Recorded data below:

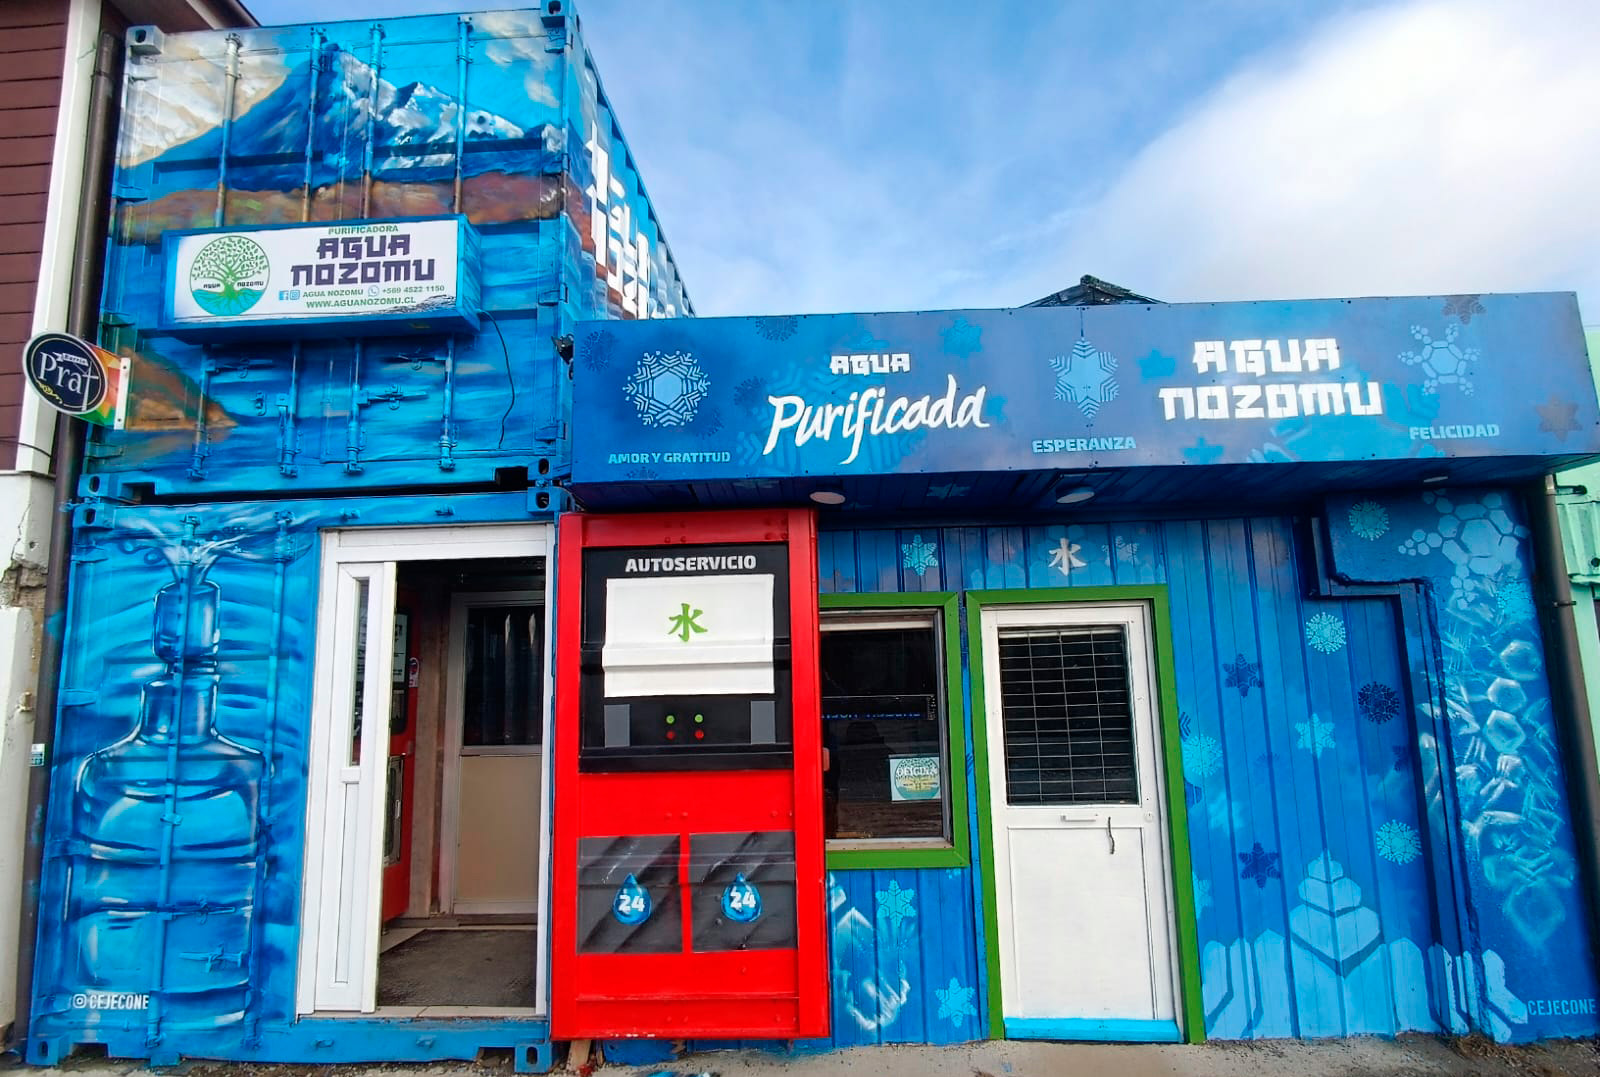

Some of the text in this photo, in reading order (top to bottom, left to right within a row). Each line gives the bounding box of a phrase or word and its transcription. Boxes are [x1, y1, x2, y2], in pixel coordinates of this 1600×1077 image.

[328, 225, 399, 235] PURIFICADORA
[317, 234, 411, 261] AGUA
[291, 259, 435, 287] NOZOMU
[302, 289, 364, 298] AGUA NOZOMU
[305, 296, 416, 309] WWW.AGUANOZOMU.CL
[829, 353, 911, 376] AGUA
[1192, 338, 1341, 377] AGUA
[38, 352, 99, 411] Prat
[1158, 381, 1384, 421] NOZOMU
[762, 374, 990, 465] Purificada
[1408, 424, 1500, 440] FELICIDAD
[1032, 436, 1137, 453] ESPERANZA
[608, 451, 731, 464] AMOR Y GRATITUD
[625, 555, 757, 572] AUTOSERVICIO
[1047, 537, 1087, 577] 水
[667, 603, 708, 642] 水
[617, 893, 646, 914] 24
[729, 890, 757, 912] 24
[89, 994, 150, 1010] CEJECONE
[1527, 999, 1597, 1016] CEJECONE

End of Recorded data.

What you return must match the data above exactly, with no images included.

**Exercise output**
Some of the text in this photo, in reading order (top to bottom, left to right within a row). Each line gives the bounding box of a phrase or word and its transcription. Boxes are [x1, y1, x2, y2], in pixel coordinates of this 1600×1077 image.

[328, 225, 399, 235] PURIFICADORA
[317, 234, 411, 261] AGUA
[291, 259, 435, 287] NOZOMU
[302, 289, 364, 298] AGUA NOZOMU
[305, 296, 416, 309] WWW.AGUANOZOMU.CL
[829, 353, 911, 376] AGUA
[1192, 338, 1341, 377] AGUA
[38, 352, 99, 411] Prat
[1158, 381, 1384, 421] NOZOMU
[762, 374, 990, 465] Purificada
[1408, 424, 1500, 440] FELICIDAD
[1032, 436, 1137, 453] ESPERANZA
[608, 451, 731, 464] AMOR Y GRATITUD
[625, 555, 757, 572] AUTOSERVICIO
[1047, 537, 1087, 577] 水
[667, 603, 708, 642] 水
[617, 893, 646, 914] 24
[729, 890, 757, 912] 24
[89, 994, 150, 1010] CEJECONE
[1527, 999, 1597, 1016] CEJECONE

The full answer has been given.